One council source told us the breaches at the building – listed by the government and national heritage watchdogs since 1974 – included inserting UPVC windows, a porch and the unsightly steel fence surrounding it. An unofficial plaque marking its famous former inhabitant has also been removed.

Asked to confirm the allegations and state what the council intended to do about it, the council responded with the following statement:


“A spokesperson for the council said: “Bird Grove is a privately owned Grade II* listed building and as such works to the building may require listed building consent.

“Our enforcement team is investigating what works have been undertaken that require consent, and will work with the owners to ensure that any unauthorised work is brought in line with any requirements.”

We had also asked if a report will be brought to planning committee in public or private.

As we reported, Coun Duggins at a full council meeting last week stopped short of backing a Conservative motion which called for the council to commit itself to doing more with the building.

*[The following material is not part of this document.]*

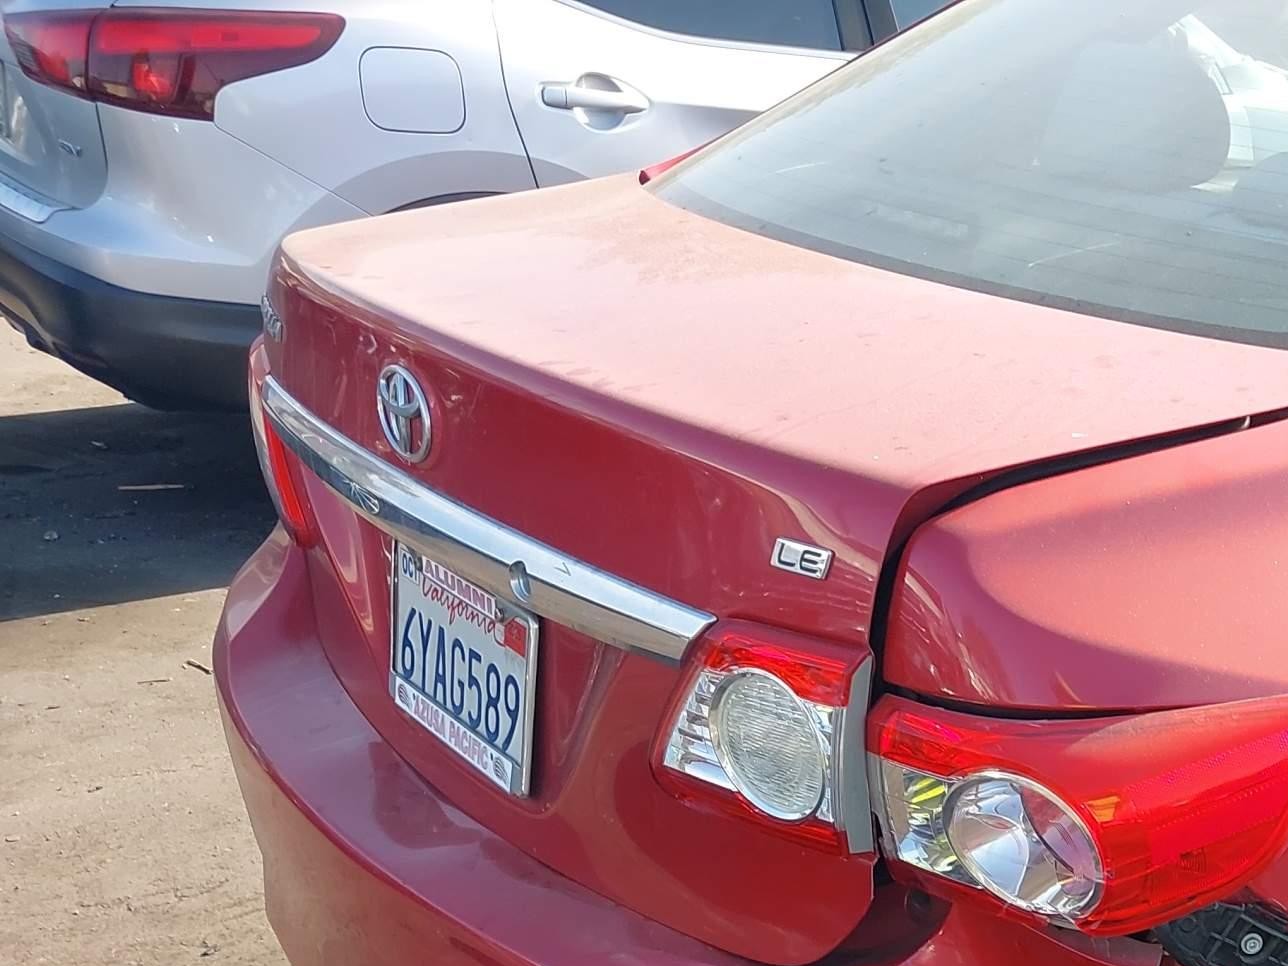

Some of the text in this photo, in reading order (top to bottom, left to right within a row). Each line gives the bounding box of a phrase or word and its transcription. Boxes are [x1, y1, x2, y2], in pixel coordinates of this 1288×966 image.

[423, 559, 494, 618] ALUMNI
[777, 541, 822, 574] LE
[401, 607, 520, 753] 6YAG589
[413, 694, 489, 771] AZUSA PACIFIC

But he pledged to talk with Bird Grove’s owners – which include Labour councillor Rois Ali – and he called for celebratory George Eliot events for 2019 and 2021.

He and Labour councillors insisted it had not been the council’s building since 1958 and they could not “force” any owner of any building into a change of use.

Yet our campaign had already established there is developing goodwill between the owners and the Fellowship to at least enable the building to be re-opened some of the time to international tourists for George Eliot-related activities. We will monitor discussions over this minimum aim of our campaign.

We asked Coun Duggins who, if anybody, would provide a leadership role in any examination of whether City of Culture-related or other external grants could be potentially accessed for the building’s restoration – in a way that might suit the building’s owners and multi-use of it.

Coun Duggins responded by saying he was about to become a board member of the Coventry City of Culture Trust, and added: “It is a suggestion that I will be happy to raise with the City Of Culture Trust board to see if grants can be levered for this.

“There will be a lot of money that comes through the City of Culture. Whether that’s something they could include themselves, I don’t know.”

We asked the council leader if he considered the growing support for the campaign, and national publicity for it, showed George Eliot continued to fire the public imagination.

Public backing has come from Bafta-award winning BBC TV screenwriters including Andrew Davies, international academics including Professor Rosemary Ashton, the city’s culture and historic trusts and Coventry University.

Coun Duggins told us: “We do of course need to recognise George Eliot for the great historic figure she is, not just for Coventry but for London where she went on to live. We wouldn’t rule anything out. We haven’t looked at anything specifically yet.”